Jargon – When a consultant’s bamboozling you with jargon and ‘buzz-words’ then you might be wise to question how practical they are really going to be. When looking for an advisor be sure your consultant speaks your language or you may be left feeling overwhelmed, uninspired and misunderstood. Straight talkers are often a lot easier to work with.
Case Studies – Ask your prospective consultant to provide you with case studies. You really want to understand what they have achieved for other business owners. Don’t be afraid to question them deeply on:
- the challenge the business needed support with,
- how they worked on this challenge alongside the client,
- what the results were
Push as hard as you feel is necessary because if they’re all talk then a bit of pushing will reveal their weaknesses if they exist.
Their experience – Is their experience relevant to your needs? Ask them to provide examples of having fixed your kind of challenges before. Have they owned their own business? If they have, then don’t be afraid to ask them about that business. What challenges did they face as a business owner. How did they overcome them? Ask what happened to that business i.e. Does it still exist? Was it sold? etc.

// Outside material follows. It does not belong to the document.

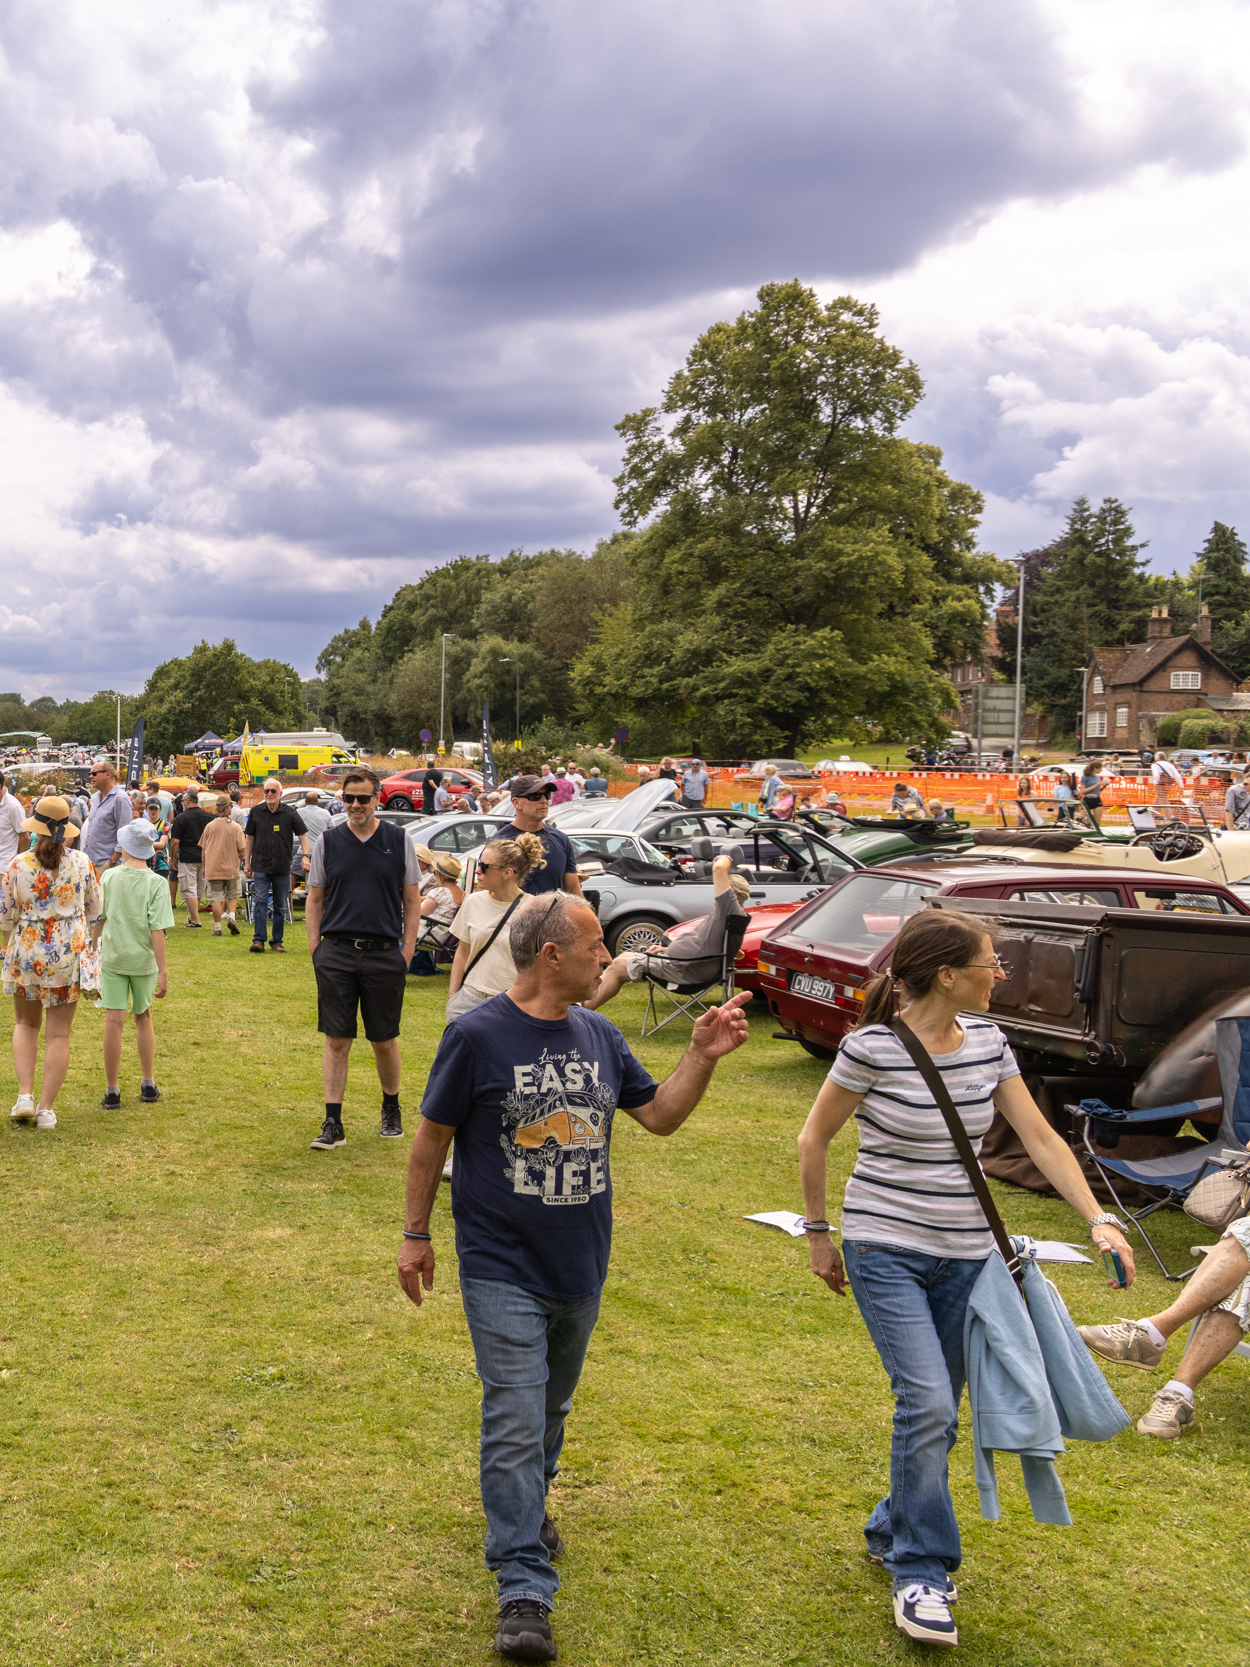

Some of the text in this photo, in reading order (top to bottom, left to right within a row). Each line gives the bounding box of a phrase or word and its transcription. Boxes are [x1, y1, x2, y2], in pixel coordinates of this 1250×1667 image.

Referrals – Ask to speak to previous clients. It’s more than reasonable to ask to be introduced to satisfied clients. People you can ask questions of. For example, ask what the consultant is like to work with, the changes they helped that business owner achieve.
I hope these tips have been helpful and that they assist you in your hunt for one of those rare gems…an experienced, practical, successful consultant, that will actually make a difference to you and your business.